━━ Extracted entries ━━

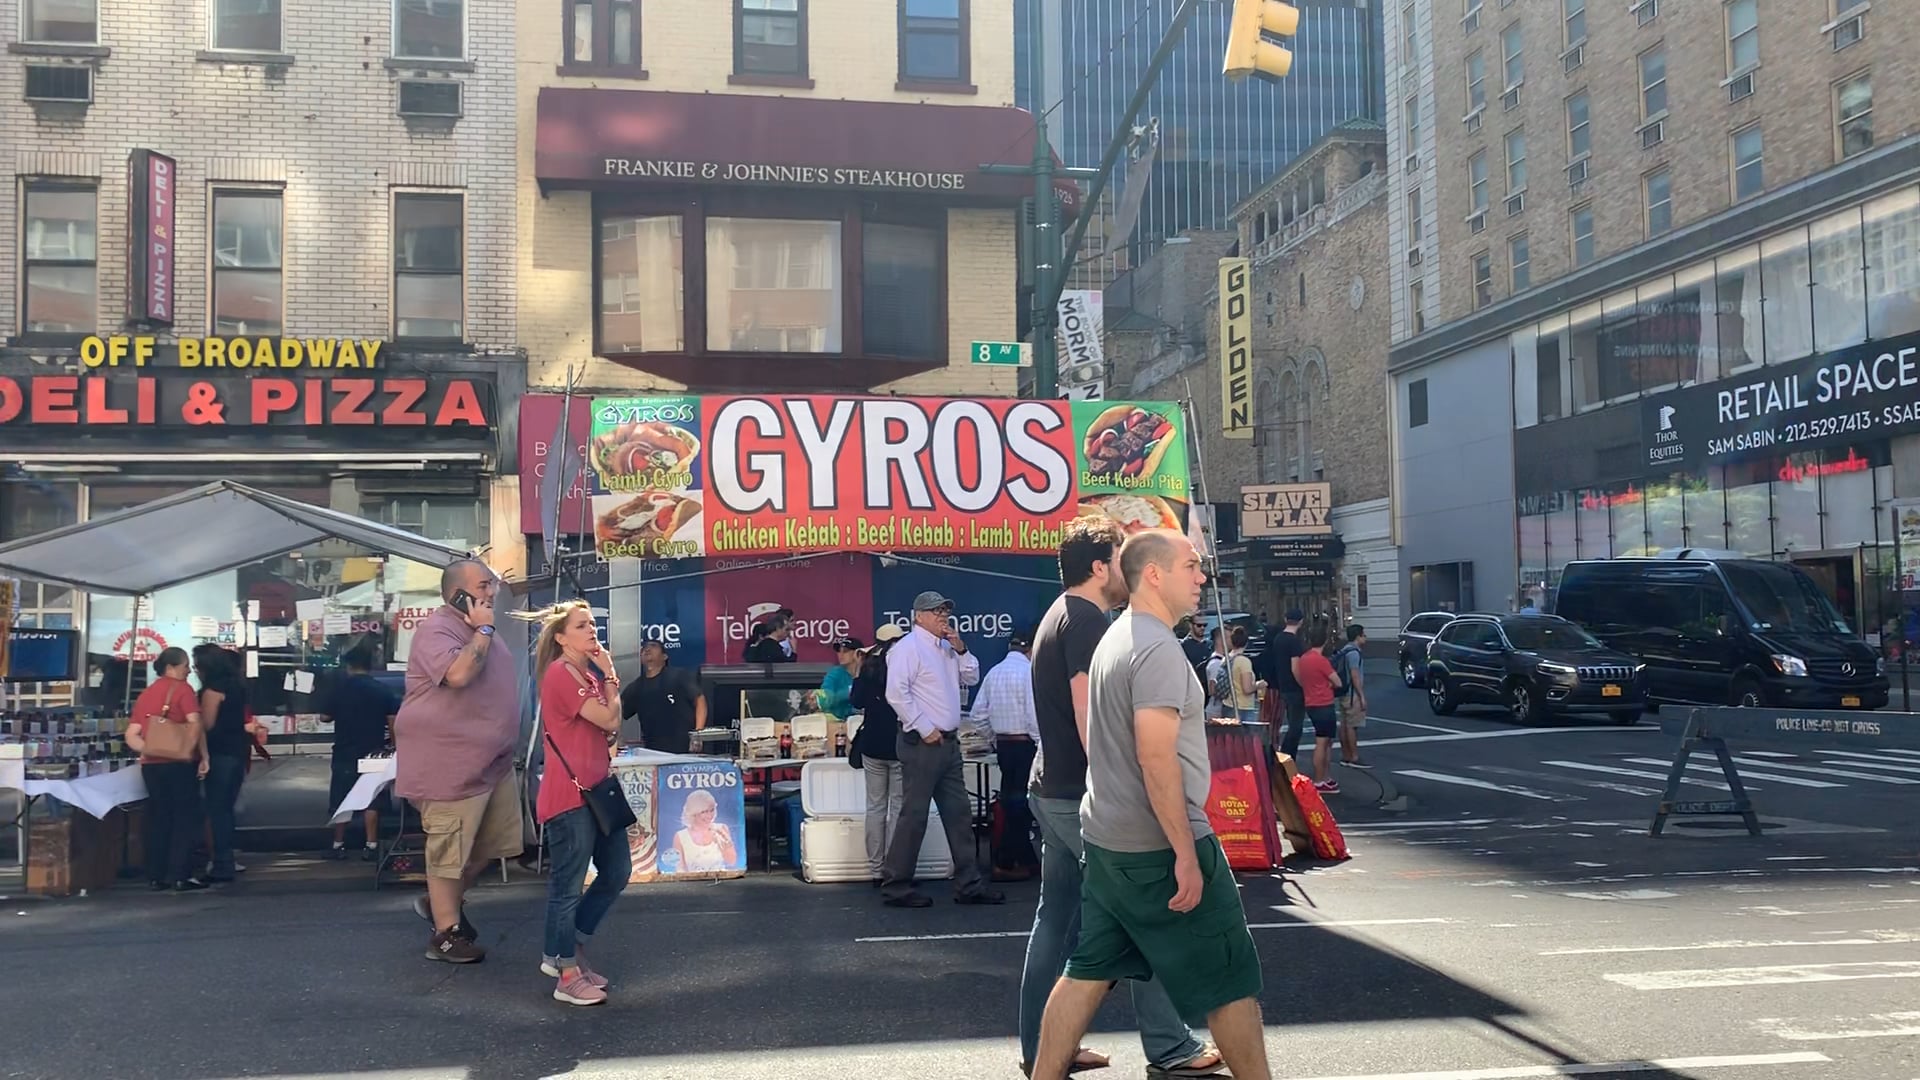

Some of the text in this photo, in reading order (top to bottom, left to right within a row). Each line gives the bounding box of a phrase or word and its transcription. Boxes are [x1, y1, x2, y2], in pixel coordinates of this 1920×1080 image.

[604, 159, 965, 190] FRANKIE & JOHNNIE'S STEAKHOUSE
[153, 159, 168, 317] DELI & PIZZA
[80, 336, 383, 369] OFF BROADWAY
[979, 344, 1012, 362] 8 AV
[1227, 264, 1248, 433] GOLDEN
[1717, 347, 1919, 424] RETAIL SPACE
[181, 381, 227, 425] &
[250, 377, 487, 427] PIZZA
[595, 403, 694, 424] GYROS
[1655, 430, 1679, 444] THOR
[1708, 437, 1735, 456] SAM
[1736, 428, 1776, 451] SABIN
[1785, 410, 1872, 443] 212.529.7413
[708, 398, 1072, 515] GYROS
[1650, 443, 1684, 460] EQUITIES
[600, 470, 647, 491] Lamb
[653, 468, 694, 491] Gyro
[1081, 471, 1184, 490] Beef Kebab Pita
[1242, 489, 1321, 511] SLAVE
[1266, 507, 1330, 528] PLAY
[713, 519, 779, 551] Chicken
[785, 516, 842, 549] Kebab
[857, 515, 897, 547] Beef
[900, 516, 955, 549] Kebab
[969, 518, 1013, 549] Lamb
[602, 538, 698, 558] Beef Gyro
[642, 561, 671, 572] ffice.
[716, 613, 850, 645] Telarge
[883, 609, 1013, 639] Telarge
[622, 769, 652, 783] CA'S
[681, 765, 721, 773] OLYMPIA
[626, 782, 652, 795] ROS
[666, 771, 737, 790] GYROS
[1219, 799, 1249, 809] ROYAL
[1226, 807, 1246, 816] OAK

━━━

## Exercise directions
Repeat the entries above exactly and skip the images.

## Answer below
Some of the text in this photo, in reading order (top to bottom, left to right within a row). Each line gives the bounding box of a phrase or word and its transcription. Boxes are [x1, y1, x2, y2], in pixel coordinates of this 1920×1080 image.

[604, 159, 965, 190] FRANKIE & JOHNNIE'S STEAKHOUSE
[153, 159, 168, 317] DELI & PIZZA
[80, 336, 383, 369] OFF BROADWAY
[979, 344, 1012, 362] 8 AV
[1227, 264, 1248, 433] GOLDEN
[1717, 347, 1919, 424] RETAIL SPACE
[181, 381, 227, 425] &
[250, 377, 487, 427] PIZZA
[595, 403, 694, 424] GYROS
[1655, 430, 1679, 444] THOR
[1708, 437, 1735, 456] SAM
[1736, 428, 1776, 451] SABIN
[1785, 410, 1872, 443] 212.529.7413
[708, 398, 1072, 515] GYROS
[1650, 443, 1684, 460] EQUITIES
[600, 470, 647, 491] Lamb
[653, 468, 694, 491] Gyro
[1081, 471, 1184, 490] Beef Kebab Pita
[1242, 489, 1321, 511] SLAVE
[1266, 507, 1330, 528] PLAY
[713, 519, 779, 551] Chicken
[785, 516, 842, 549] Kebab
[857, 515, 897, 547] Beef
[900, 516, 955, 549] Kebab
[969, 518, 1013, 549] Lamb
[602, 538, 698, 558] Beef Gyro
[642, 561, 671, 572] ffice.
[716, 613, 850, 645] Telarge
[883, 609, 1013, 639] Telarge
[622, 769, 652, 783] CA'S
[681, 765, 721, 773] OLYMPIA
[626, 782, 652, 795] ROS
[666, 771, 737, 790] GYROS
[1219, 799, 1249, 809] ROYAL
[1226, 807, 1246, 816] OAK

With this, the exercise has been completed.